According to a 2016 VR study reported by ThinkNow Research, an agency that specializes in African American, Asian and Hispanic markets, African Americans expressed the most interest in virtual reality products, with African American males showing the most interest overall.
Black tech entrepreneur Michael McNair is among those leading the charge. We first reported on McNair in our print publication back in December when he shared his insights on Virtual Reality. In the article, “Virtual Reality – The Next Big Theme in Tech,” he talked about his company, Moxie Reality, the differences between Virtual Reality and Augmented Reality, and the potential both VR and AR hold for diverse content creators.
Here, he tells us about the launch of his new company, UnicornAR.
TNJ.com: Tell me a bit about Unicorn/AR.
Michael McNair: UnicornAR is a smartphone AR application that helps level the playing field for anyone to feel more comfortable, connected and engaged in real time. It works by downloading our app onto your phone and then during a networking event holding it up to get a better read on the people that are in the room. We will give you suggestions of people in your network and it gives you small details that people WANT you to see. We use Machine Learning in order to connect people in real time that need to either meet up, or you can send a message to them directly if they are in a conversation.
TNJ.com: What is the inspiration behind it?
M.M.: The inspiration behind the application is the speech impediment I had when I was younger. As a result, I didn’t want to communicate with people. As I got older, I really liked talking once I was able to slow down my words. I felt I had some good stuff to say. It sucks when you feel you don’t have a voice.
Entrepreneurs should take advantage of opportunities quickly. There are people and events that could be better engaging if they had the right tools. We are trying to give that to them. When I moved out to San Francisco, I knew that I needed to find a gritty team to help me push this forward. By that time, I was already done with wire-frames and the way I wanted them to work. Team members and co-founders Yves Songolo, Mark Bailey and Ahmed Salem joined me on the journey to help finish the product. In the tech capital of the world, I figured I would get funding but I know that investors fund teams – not ideas. Even though the idea has to be good, it is about having people on board who are ready to go the long journey with you. That is why finding other people was so important to me. Although I am a strong leader, I too need people to pick me up when I am down.

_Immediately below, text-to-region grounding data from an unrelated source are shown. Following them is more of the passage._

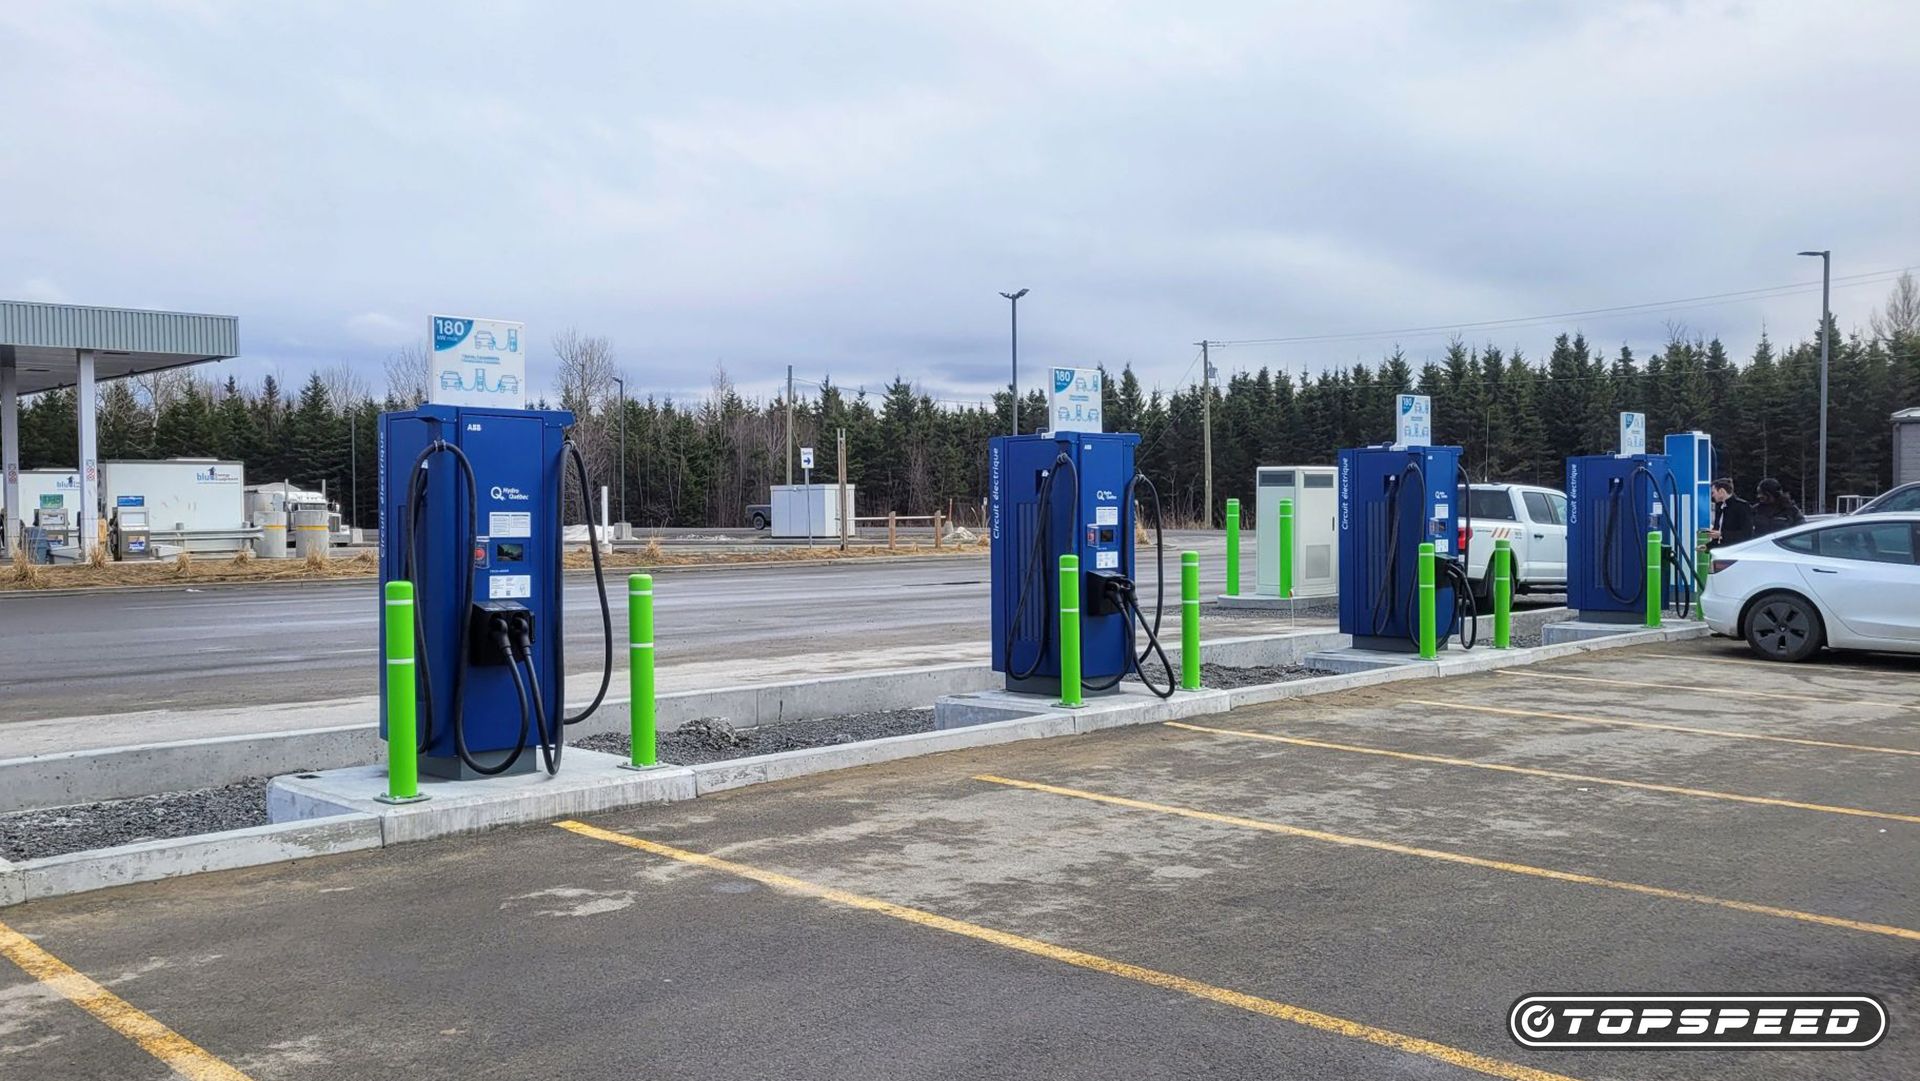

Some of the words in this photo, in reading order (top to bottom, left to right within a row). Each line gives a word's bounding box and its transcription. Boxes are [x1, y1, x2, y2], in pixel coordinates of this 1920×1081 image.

[437, 319, 464, 336] 180
[1055, 370, 1071, 381] 180
[992, 447, 1000, 501] électrique
[1341, 502, 1349, 530] Circuit
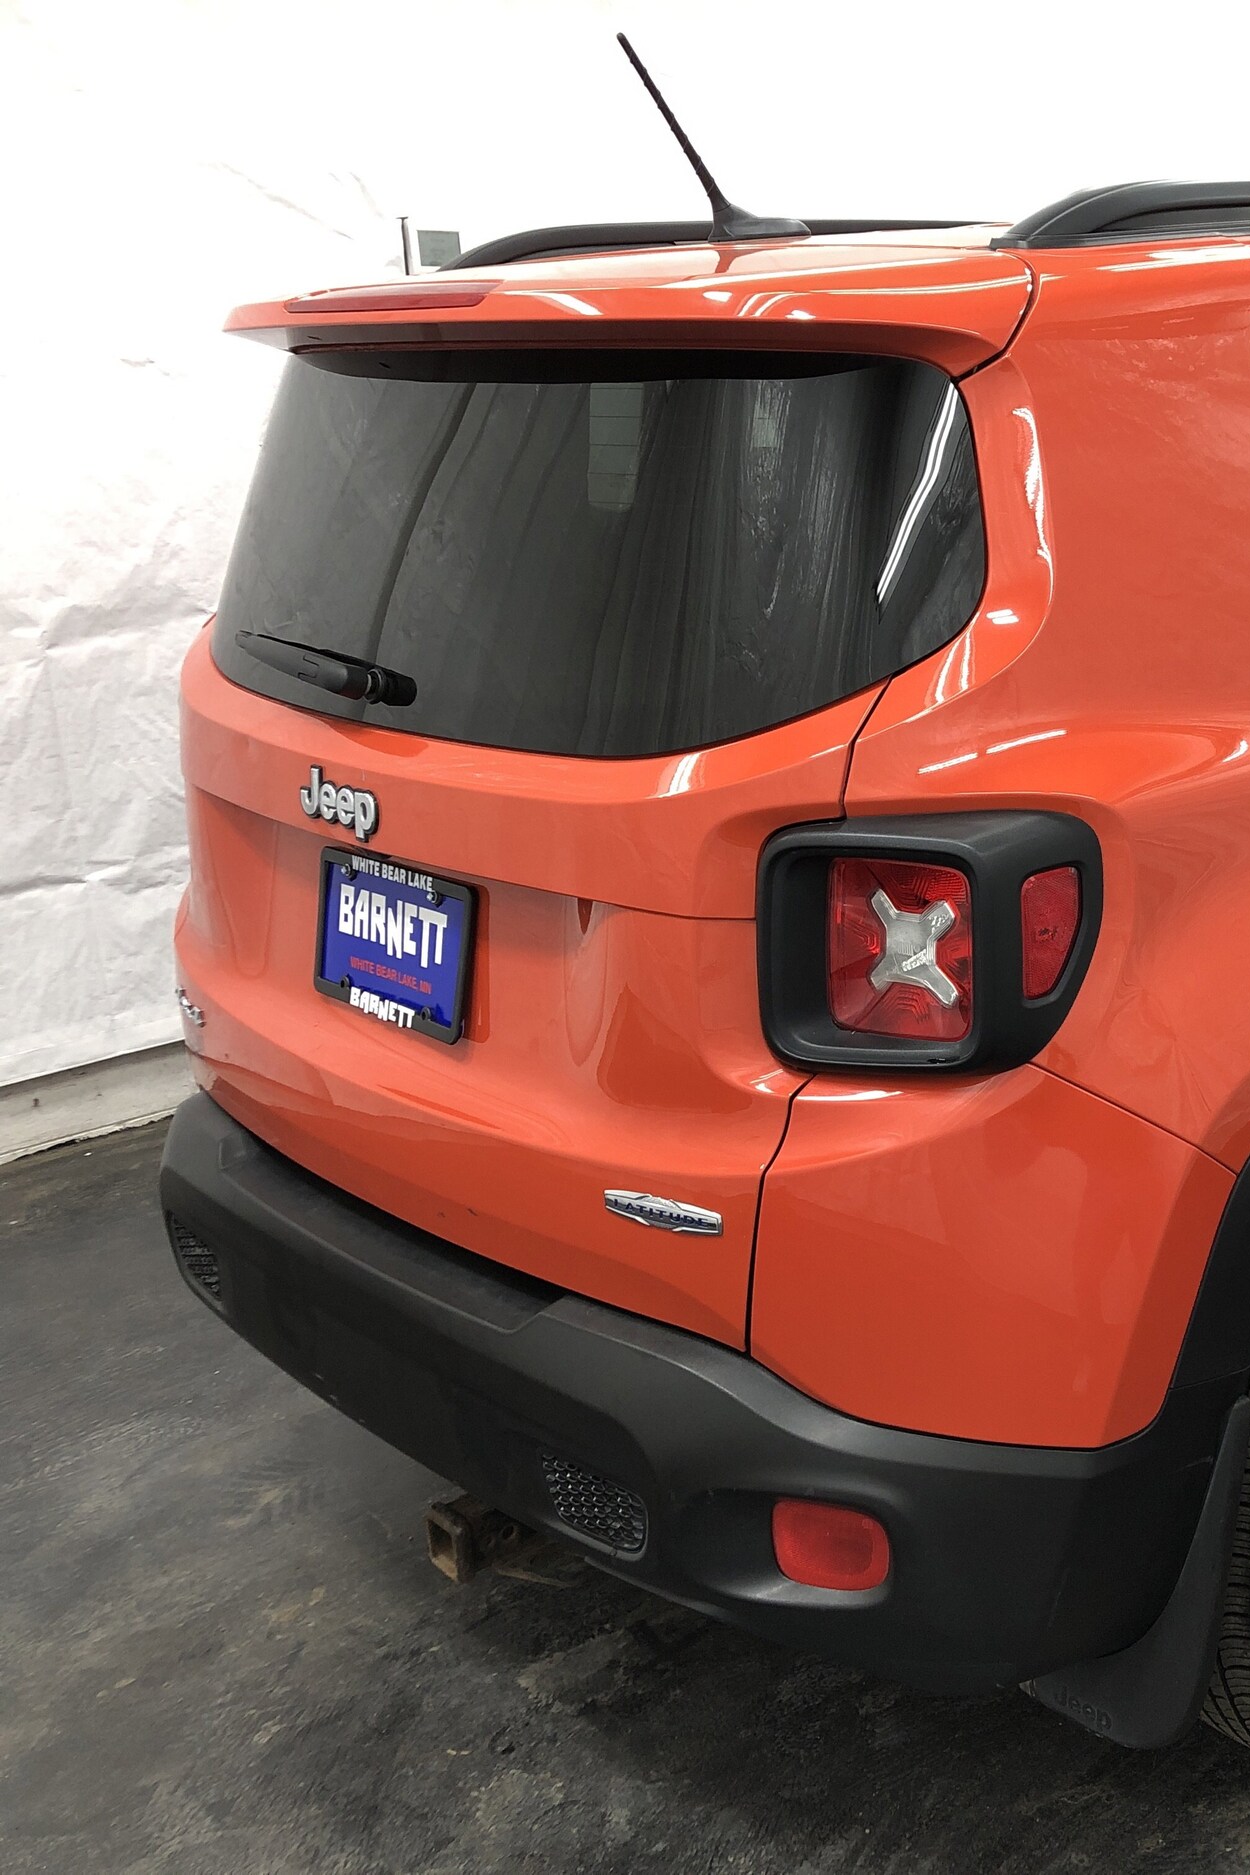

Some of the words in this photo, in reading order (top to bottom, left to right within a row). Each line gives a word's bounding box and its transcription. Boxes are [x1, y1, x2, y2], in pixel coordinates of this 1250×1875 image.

[300, 764, 378, 842] Jeep
[351, 855, 380, 877] WHITE
[381, 863, 406, 885] BEAR
[407, 871, 433, 892] LAKE
[338, 883, 448, 968] BARNETT
[350, 956, 375, 974] WHITE
[375, 964, 398, 981] BEAR
[349, 986, 415, 1028] BARNETT
[612, 1198, 709, 1227] LATITUDE

TNJ.com: What is its mission?
M.M.: Our mission/promise is to give everyone a fighting chance to connect in person with someone. We understand that software engineers, introverts and people with moderate autism are a huge part of our market and we are trying to help them feel more comfortable at events. We understand that networking is a huge part of their life and always will because kids are growing up in such a competitive space like technology. So what is going to set them apart from each other? A big part of that will be who they know, and how they continue to drive that relationship. Our promise is way beyond my team and I. We want to just lay a platform out for people to connect and communicate and allow them to do the rest.

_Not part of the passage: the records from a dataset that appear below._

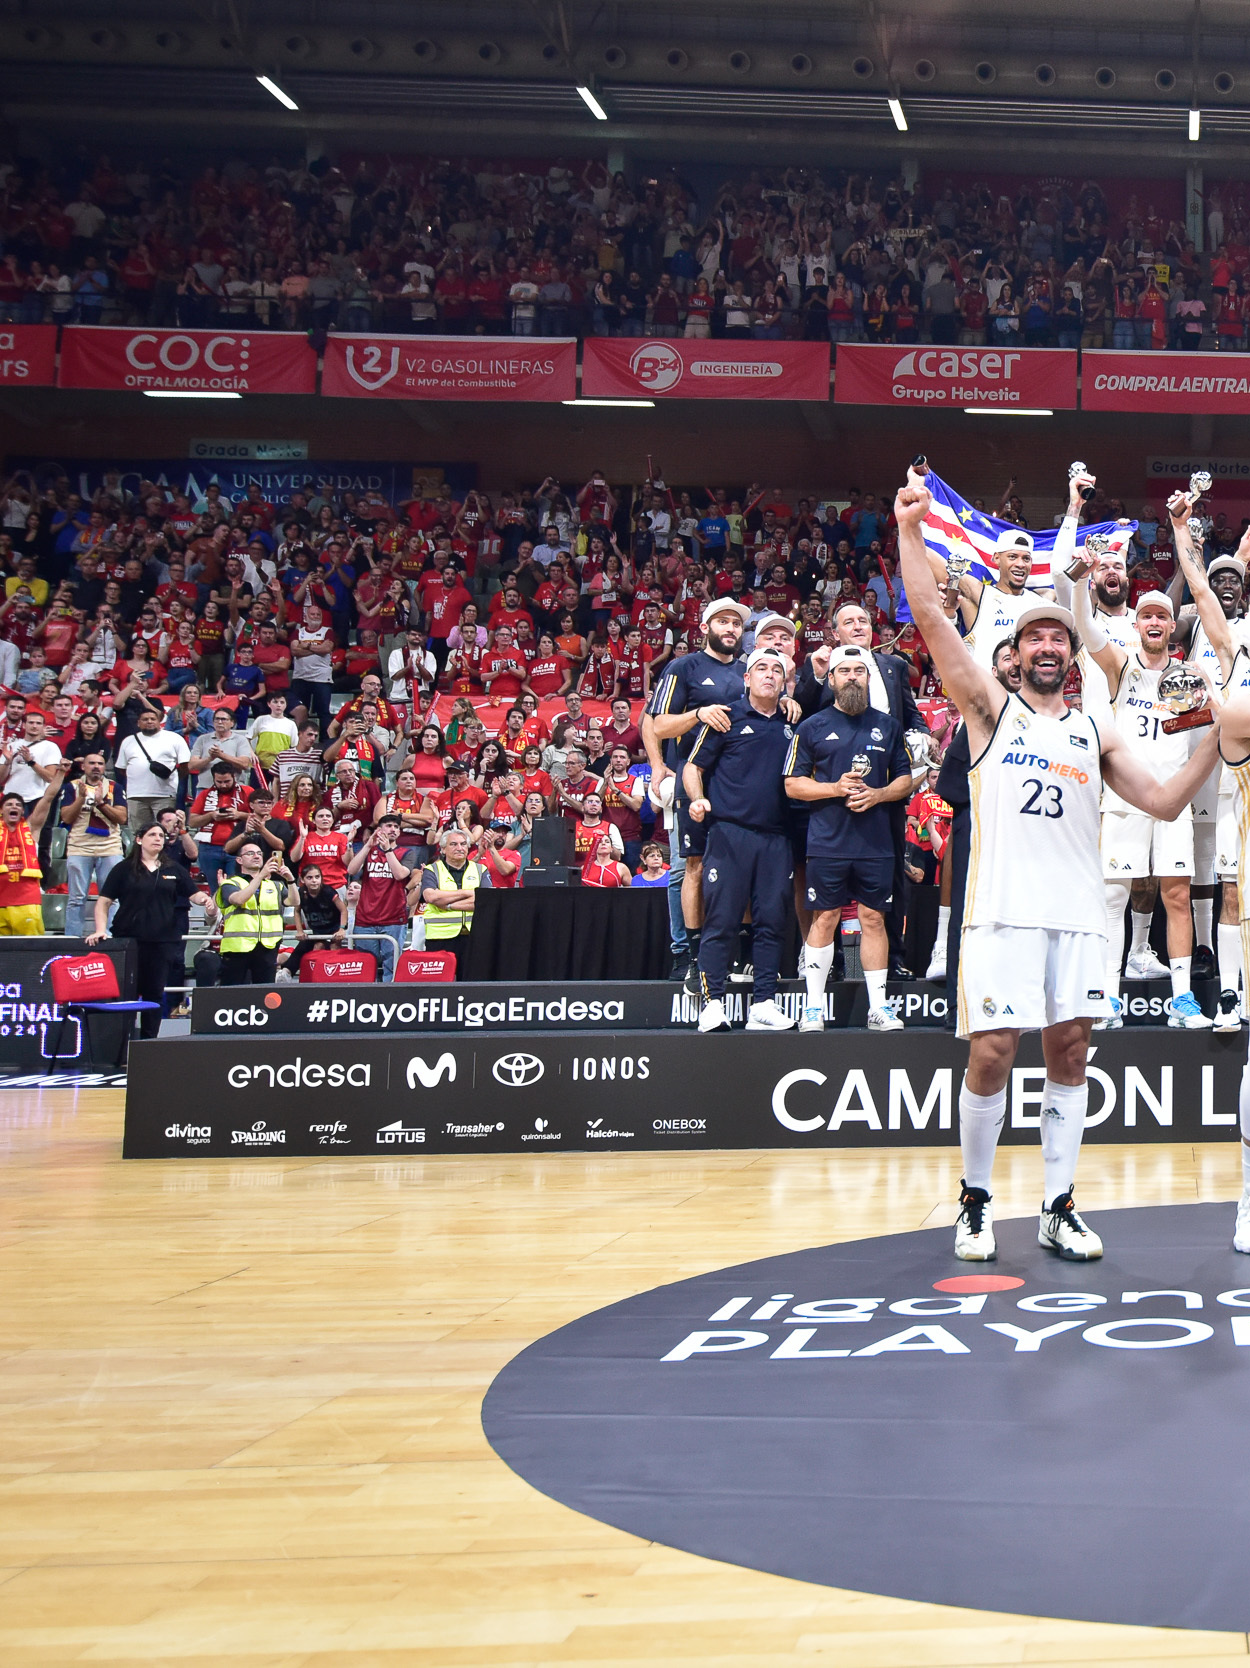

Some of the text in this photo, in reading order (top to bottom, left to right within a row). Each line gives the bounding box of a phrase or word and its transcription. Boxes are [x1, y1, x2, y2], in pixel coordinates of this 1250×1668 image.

[405, 358, 554, 375] V2 GASOLINERAS
[700, 361, 773, 376] INGENIERÍA
[918, 351, 1021, 380] caser
[124, 374, 249, 390] OFTALMOLOGÍA
[405, 378, 517, 388] El MVP del Combustible
[892, 385, 1020, 403] Grupo Helvetia
[195, 442, 249, 456] Grada
[1152, 461, 1250, 475] Grada Norte
[1136, 714, 1159, 740] 31
[1001, 752, 1089, 785] AUTOHERO
[1019, 778, 1064, 819] 23
[308, 844, 338, 853] UCAM
[83, 962, 104, 973] UCAM
[340, 961, 363, 969] UCAM
[214, 995, 624, 1026] acb #PlayoffLigaEndesa
[228, 1056, 371, 1089] endesa
[571, 1055, 651, 1082] IONOS
[165, 1123, 212, 1138] divina
[309, 1120, 347, 1134] renfe
[652, 1118, 707, 1130] ONEBOX
[231, 1130, 286, 1144] SPALDING
[376, 1131, 425, 1144] LOTUS
[586, 1128, 619, 1139] Halcón
[707, 1293, 989, 1324] liga

TNJ.com: How is it doing in the marketplace:
M.M.: We aren’t in the app store, but our beta will be out next month. We have been doing market research and analysis. If anyone is looking to get into our beta program and is from New York City, San Francisco, Los Angeles, or Boston, go to my website and click on UnicornAR company to sign up of the form.
TNJ.com: How is UnicornAR different from the last tech company you had?
M.M.: It is different because it pushes the line of AR. As a whole, the market is made up of a lot of games, which is good! I love video games and have been playing them since I was 7 years old, but we all bring different ideas and things to the world. I didn’t want to bring another game to the AR space. I wanted to bring something that was meaningful to me and that I can speak to. I found out about my problem and felt maybe other people had the same problem. After doing some research, I found that a lot of people have different fears at these events and that it would open conversation if they all had a way to communicate in person in real time.
My last pivot was from VR because we saw a lot of opportunity in the space, but AR is where the world is going. Also, I can send an update and show people what we are doing. There are a lot of people in this country without headsets. Even though more and more people will start to understand VR/AR technologies, as a business owner I wanted to make sure I chased after something that impacted me, was meaningful, and was something I felt that was futuristic enough.
TNJ.com: What are your short- to long-term goals:
M.M.: Our short-term goals:
- Finish the beta with our early adopters
- Gain some media traction
- Secure funding
- Get some early stories of success stories
- Move faster in securing strategic partnerships
- Secure strategic partnerships with Microsoft and others
- Secure funding
- 20,000 monthly active users in the USA
TNJ.com: Why is VR and AR important to you?
M.M.: I have been deeply affected by this industry. It excites me to speak about it, but I don’t want to give too much on this. So I will say VR/AR will affect everything we do for the next 10-20 years. It will disrupt the way we communicate, work and collaborate, and there is nothing we can do to stop it.
My goal is to share this with the African American community, Latinx, and many of the people who want to be in this space. There’s a lot we can be doing to prepare our kids for the future. We have to take our ideas to market and make those ideas our own and be creators and OWNERS of these ideas and not just consumers of them. We can’t miss out because we didn’t take the risk when we should have. I won’t let that happen, and on every platform I speak on I will continue to share the same message.